TVBEat: la startup italiana del food delivery nei piccoli comuni italiani, protagonista di oggi su StartUp Mag

Durante la pandemia da covid, il settore del Food Delivery ha subito una forte accelerata, data dall’impossibilità di recarsi inizialmente al punto vendita e la chiusura fisica delle attività ristorative. In questo modo le aziende multinazionali quali Just Eat, Glovo, UberEat hanno prosperato. Ma si tratta di aziende che operano in comuni popolosi, non coprendo però la provincia, fatta di tantissime piccole città, che però sono poco presidiate. Da questo punto di vista però ha cominciato ad operare la startup italiana TVBEat, che si occupa di food delivery nei piccoli comuni italiani con meno di 50.000 abitanti.

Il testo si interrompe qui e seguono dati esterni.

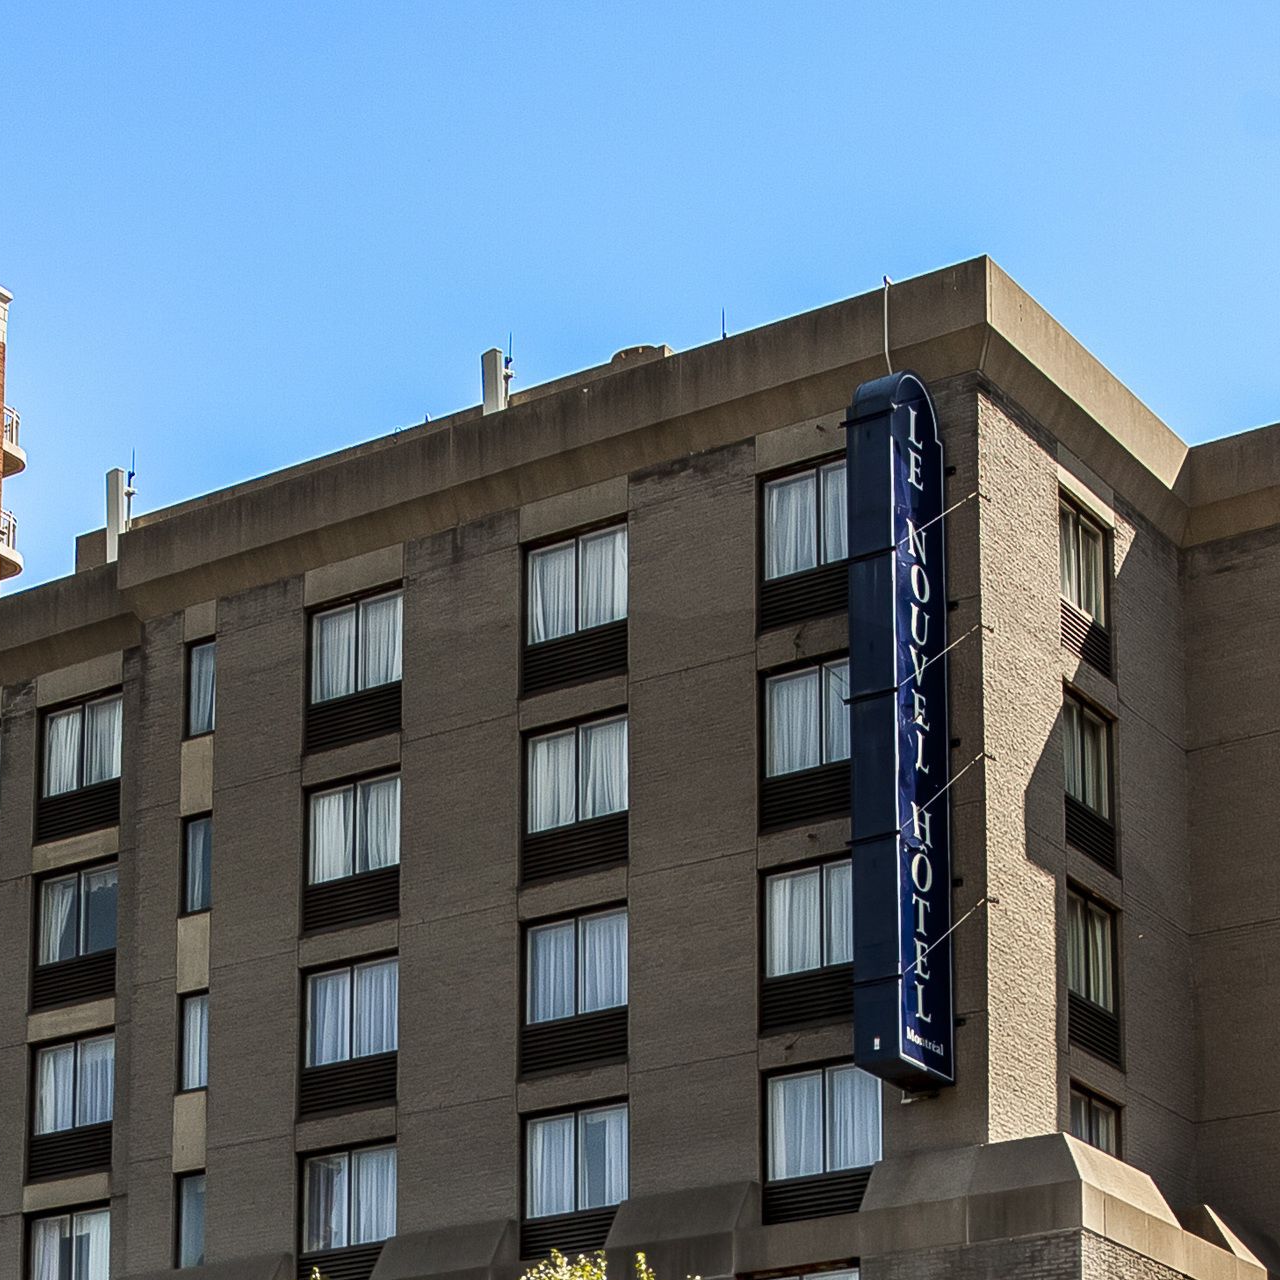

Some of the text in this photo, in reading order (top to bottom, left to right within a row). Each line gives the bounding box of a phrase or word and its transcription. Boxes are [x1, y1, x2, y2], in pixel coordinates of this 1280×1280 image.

[906, 405, 933, 1023] LE NOUVEL HÔTEL
[906, 1025, 944, 1056] Montréal

Vediamo insieme in cosa consiste il servizio offerto da TVBEat, nel nuovo appuntamento con le startup italiane a cura del nostro portale. Benvenuti su StartUp Mag!

Food Delivery: un settore in netta crescita

Il settore del Food Delivery è davvero uno di quelli trainanti dell’economia digitale, soprattutto dall’inizio della pandemia. Il Covid-19 ha dato infatti una spinta incredibile al settore, che nel 2020 è arrivato al 20-25 % dell’intero mercato delle consegne a domicilio (dati Osservatorio Nazionale di Just Eat).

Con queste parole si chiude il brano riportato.